When you are launching a solo practice, stabilizing a practice, optimizing a practice, launching a program in a school setting, converting your practice into one with employees or private contractors, opening an additional location, or some other business endeavor in the practice realm, it is beneficial to have a mentor or be part of a practice owner group. It is can also be helpful in the beginning stages of deciding which path you want your career to go! Sometimes the formula for your work life balance you are striving for and the goals you have for your career and the skills you have, owning a business might not be the most advantageous route. Before I started Larch, and at different developmental cycles of the journey, I engaged in various forms of business consulting. From individual consulting, to business groups focused on larger practice structure. As a business owner, you will always find the things that are unique to your company, AND, there are a lot of things that are common across companies. Practice consulting helps you not reinvent the wheel where it is not necessary, and provides space to conceptualize new ideas in a way you can launch a thought-out program or company. It also allows you to get real data from someone who has lived the experience, and interacted with many other practices over time.

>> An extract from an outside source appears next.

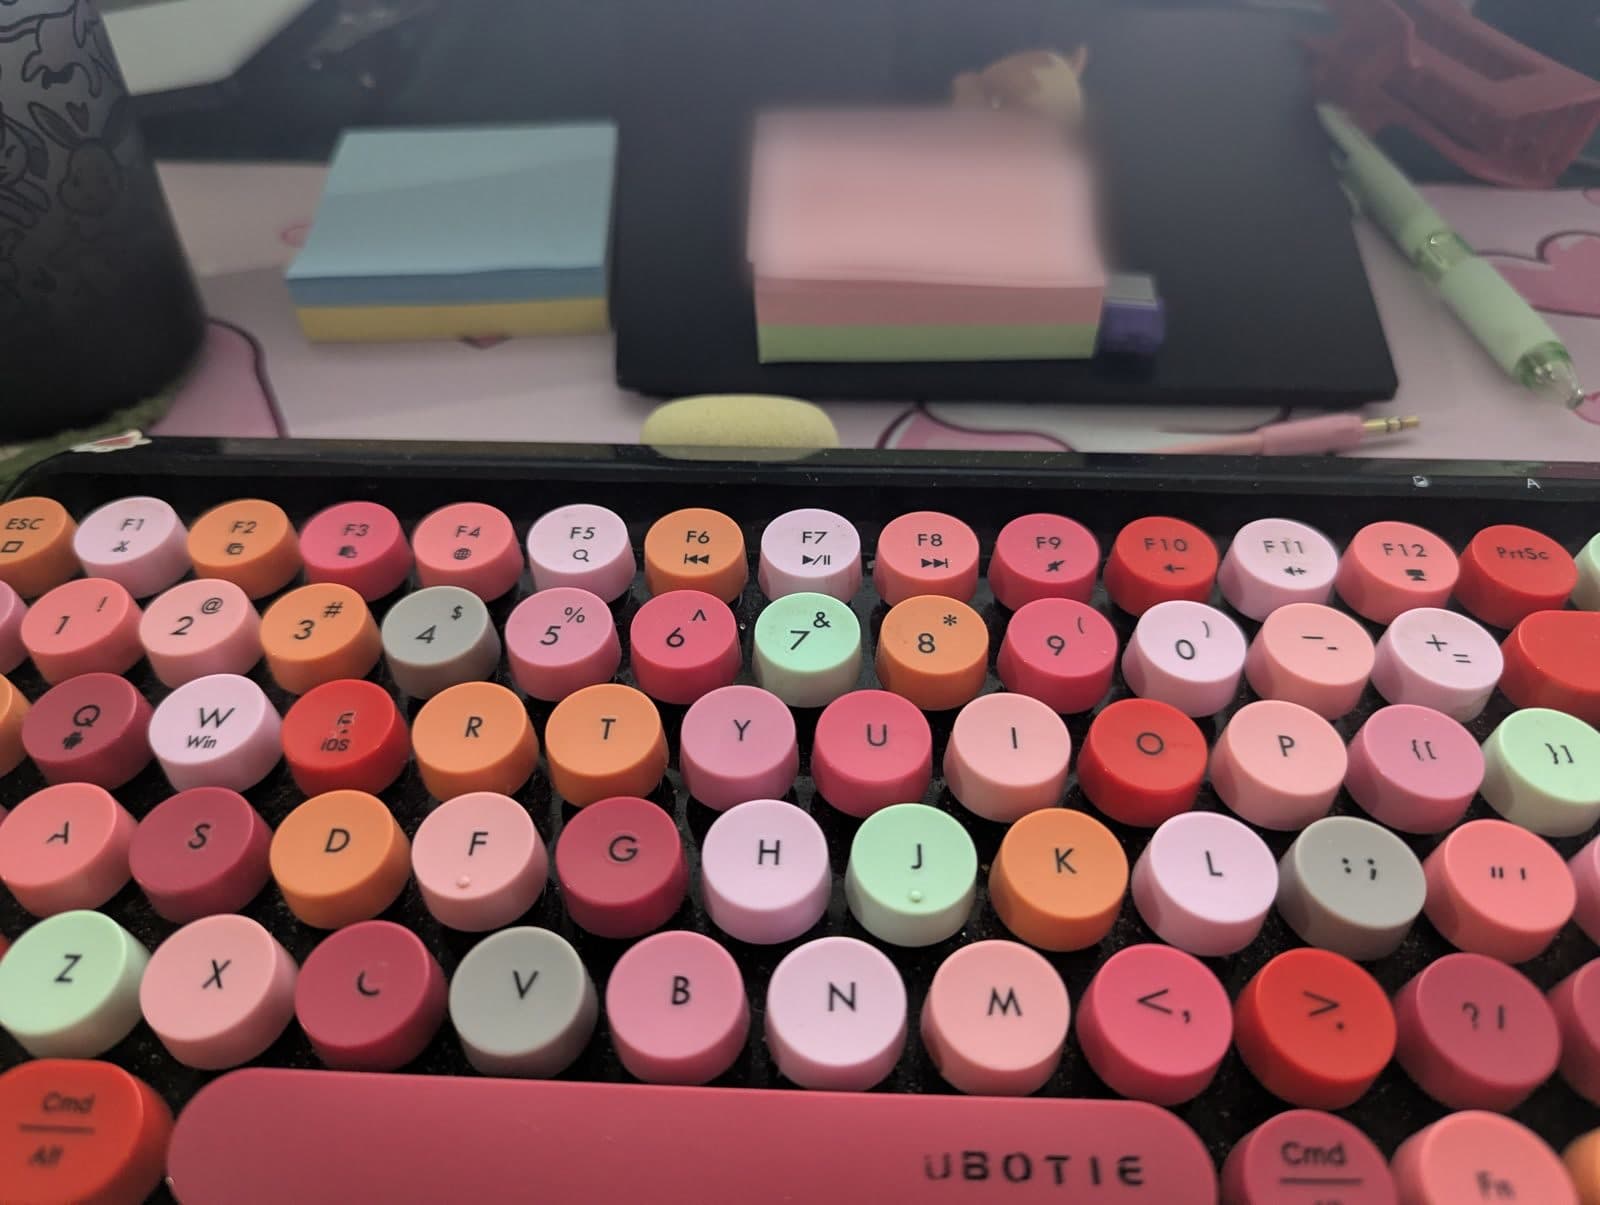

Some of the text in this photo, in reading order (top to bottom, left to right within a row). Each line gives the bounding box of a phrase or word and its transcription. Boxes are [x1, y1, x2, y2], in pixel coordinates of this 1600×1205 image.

Why Synthesis Practice Consulting?

Every counseling practice runs on a formula. Some of the inputs are constants — the ethics and laws of the counseling profession, the realities of the field, the fundamentals of running a business, the challenges that come with growing a team. But most of the important variables are yours alone: your clinical philosophy, your skill sets, your available capital, your community, the work-life balance you’re building toward, the people you hire, the programs you want to run. Synthesis is the work of bringing all of those elements together into something coherent and sustainable. We will start from some of the knowns, add in your variables, and create a practice that is your own.

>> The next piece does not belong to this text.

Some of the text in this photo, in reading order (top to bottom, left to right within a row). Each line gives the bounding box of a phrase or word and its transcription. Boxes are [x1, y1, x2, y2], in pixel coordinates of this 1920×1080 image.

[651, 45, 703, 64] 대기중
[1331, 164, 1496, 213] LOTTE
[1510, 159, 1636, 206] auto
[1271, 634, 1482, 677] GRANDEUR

My own variables shaped Larch in specific ways. Carpentry skills from earlier business ventures meant I could build out our office suites myself, which changed what was financially possible at each stage of growth. Limited time — I was balancing being a solo parent 50% of the time, holding a caseload, and expanding the practice – which meant Larch had to be built with efficiency from the start. I also did not have capital, so Larch has operated with a lean model from day one. Different variables would have produced a different practice, or in a different time frame. Your formula will be different than Larch’s, or many others, but aspects will be the same.

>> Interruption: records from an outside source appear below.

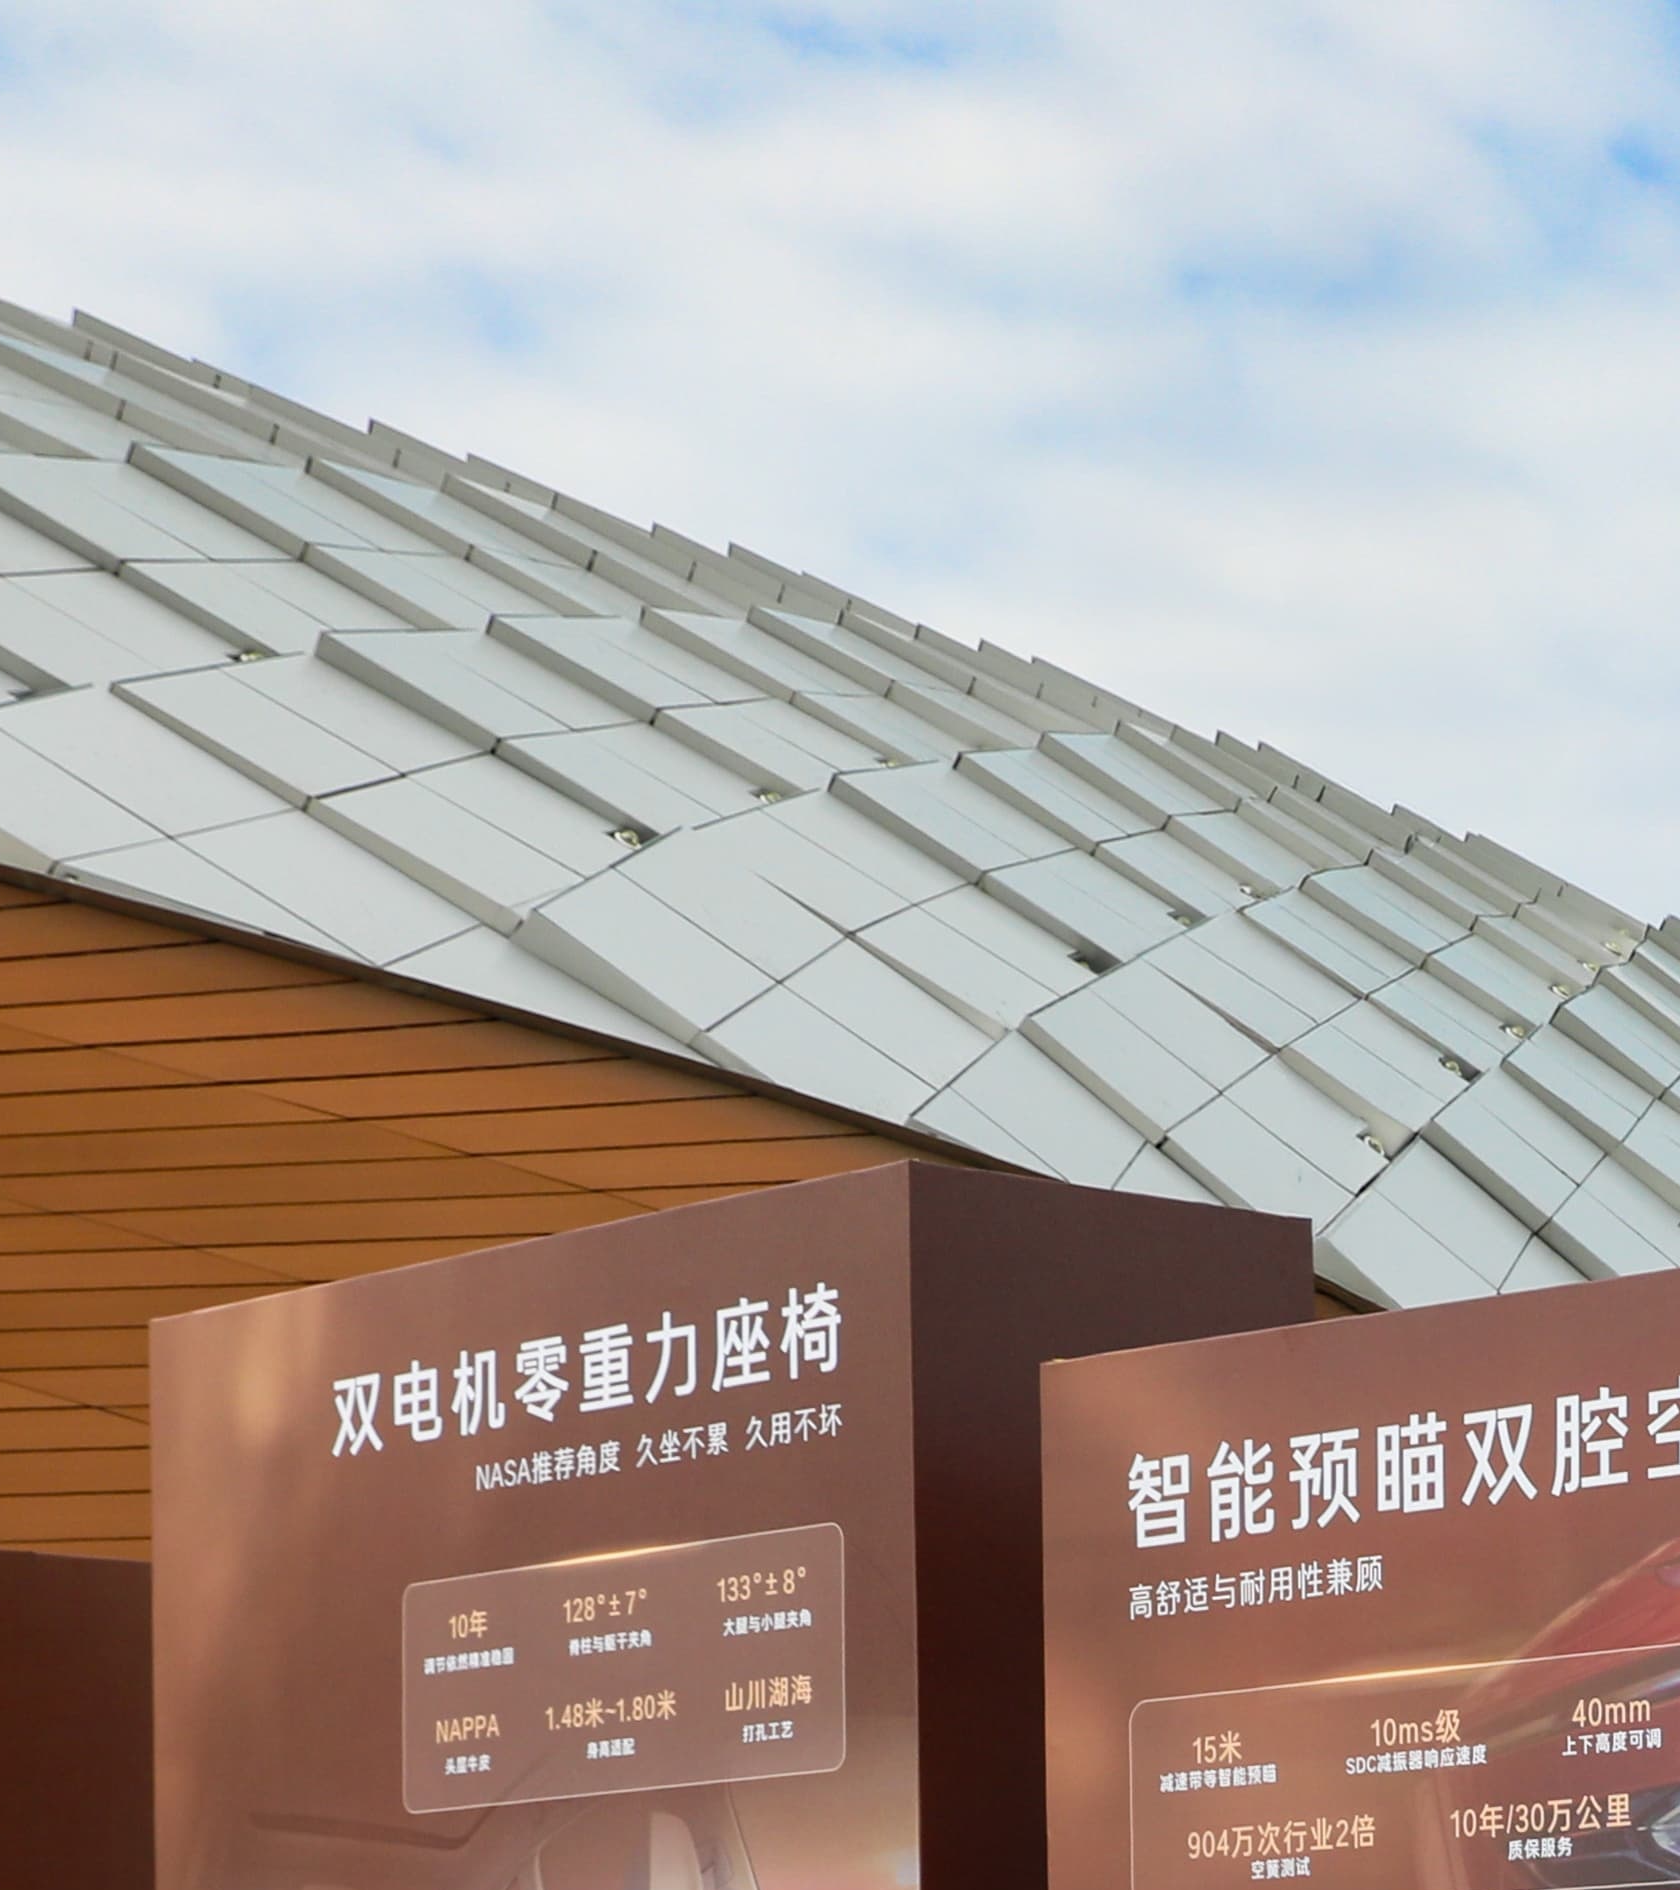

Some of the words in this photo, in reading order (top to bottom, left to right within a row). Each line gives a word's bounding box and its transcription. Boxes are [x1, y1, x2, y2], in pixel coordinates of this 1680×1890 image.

[331, 1281, 842, 1458] 双电机零重力座椅
[475, 1439, 621, 1491] NASA推荐角度
[635, 1421, 729, 1468] 久坐不累
[745, 1403, 843, 1451] 久用不坏
[1128, 1554, 1383, 1621] 高舒适与耐用性兼顾
[448, 1609, 489, 1640] 10年
[724, 1674, 813, 1712] 山川湖海
[435, 1713, 501, 1745] NAPPA
[1370, 1709, 1461, 1747] 10ms级
[1571, 1697, 1651, 1728] 40mm
[742, 1720, 794, 1744] 打孔工艺
[1192, 1730, 1243, 1764] 15米
[1561, 1727, 1662, 1757] 上下高度可调
[1345, 1743, 1488, 1775] SDC减振器响应速度
[1450, 1793, 1632, 1839] 10年/30万公里
[1187, 1813, 1376, 1860] 904万次行业2倍
[1507, 1836, 1573, 1861] 质保服务
[1250, 1855, 1311, 1880] 空簧测试

I’ve built Larch Counseling from a one-person practice in 2016 into a two-location group with 15+ team members across our Duvall and North Bend offices. In that stretch I’ve navigated most of the transitions practice owners face: starting solo, hiring a first employee, converting to a PLLC, building out clinical and administrative systems, launching a program inside a local school district, opening a second location, working through a pandemic, and adjusting as staffing, community needs, and the field itself have shifted. Before Larch, I spent nearly a decade building and eventually selling a separate business — an experience that shaped how I think about ownership, growth, and knowing when a model needs to evolve.

Synthesis Practice Consulting is built on that lived experience. That’s the synthesis process — identifying the variables every practice share, naming the variables that are uniquely yours, clarifying the outcome you’re working toward, and solving the formula by bringing it all together into a practice that actually fits you.